Looking for a 2080S on ebay sucks - every time I see a good price I get excited and jump in only to see a user with 0 feedback, or a misleading title.

- Odd, I've personally never had a bad experience buying anything from Ebay. I just make sure the seller is in the same country and its not one of those "too good to be true" type of deals (generally in line with other items of the same price) and I haven't been steered wrong yet.

yep, FB marketplace is so much easier and you don't have to worry about getting scammed by a buyer. Sold my other 2080 ti FE a month ago for $900 cash

Not only cards but high value electronics in general.
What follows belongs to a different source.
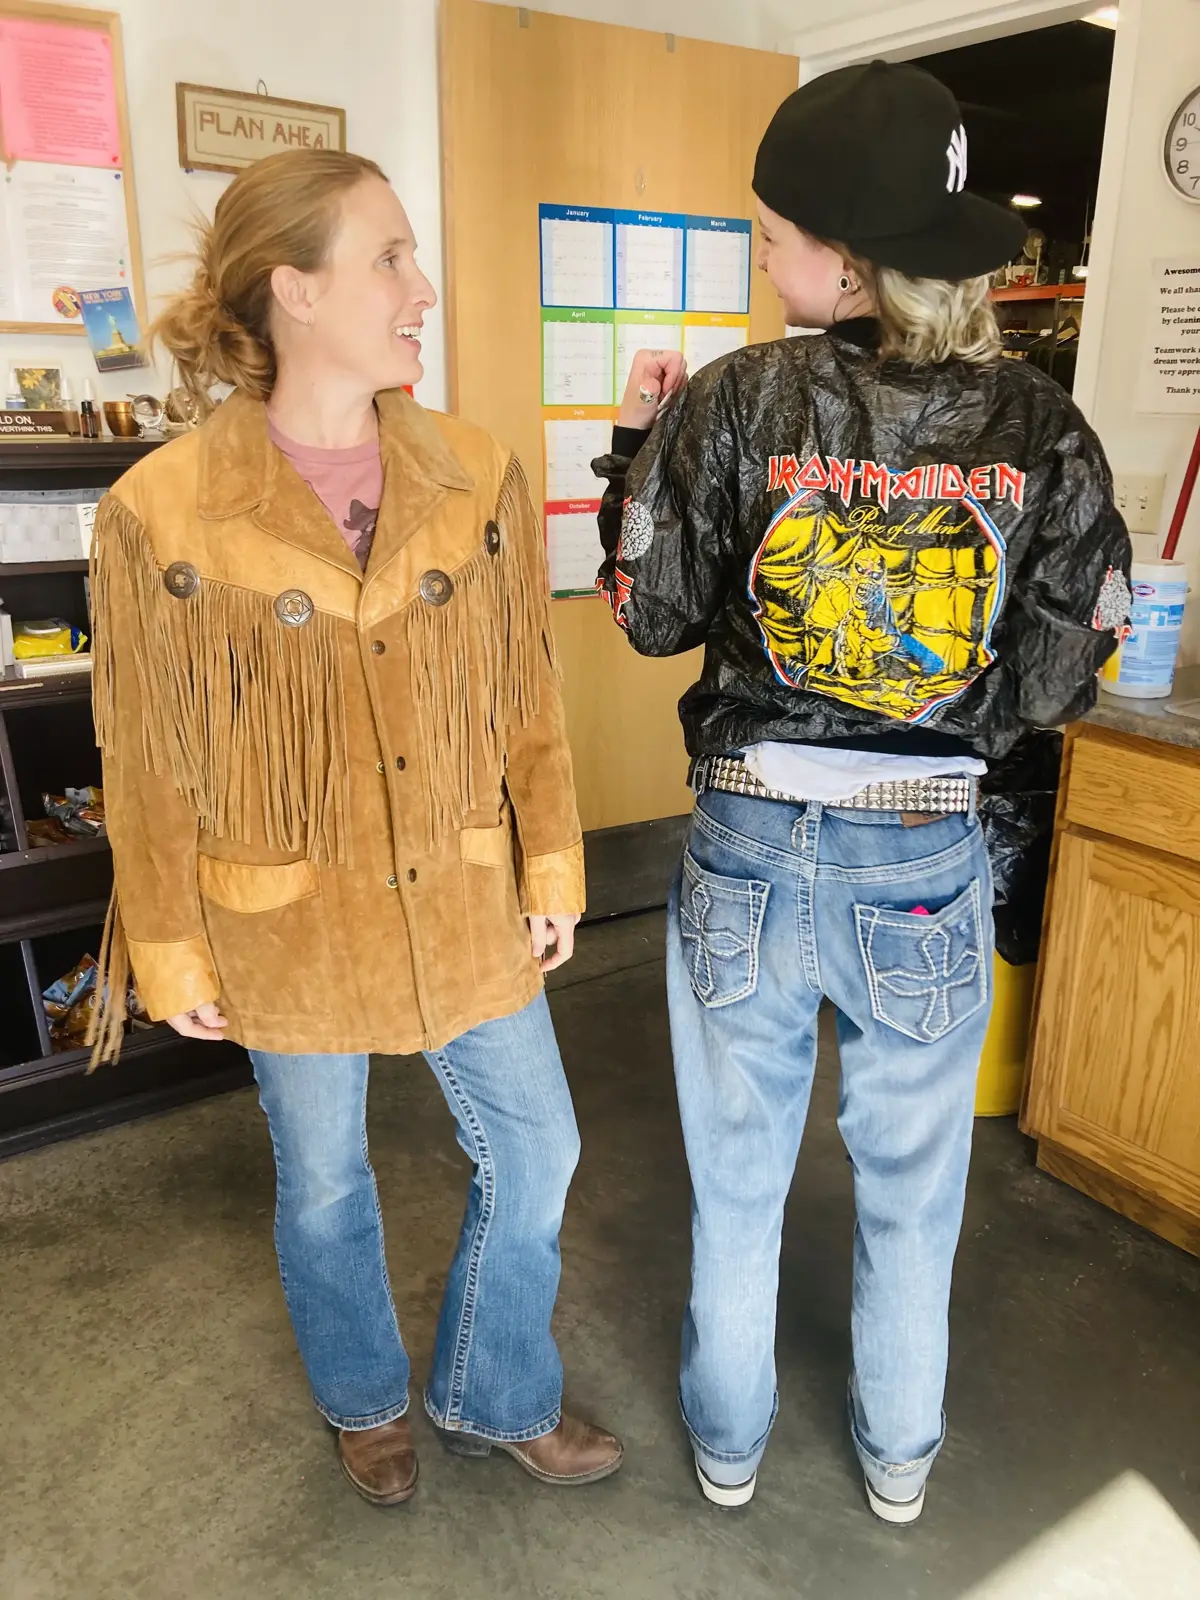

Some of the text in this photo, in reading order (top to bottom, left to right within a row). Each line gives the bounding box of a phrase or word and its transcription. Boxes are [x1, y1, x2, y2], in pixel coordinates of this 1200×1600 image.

Had to do several re listings because scammers would win them and then want them shipped elsewhere. There's a way for them to scam you even with PayPal too. One guy won laptop I was selling and looking up the address it was some area in an outdoor shopping mall.

Could be their business, I don't know but seemed weird, they had feedback too. Then they refuse to pay because they wanted the configuration of the ram changed.

More headache and stress than it's worth dealing with eBay. Better to try and sell them here in the for sale section or possibly reddit too.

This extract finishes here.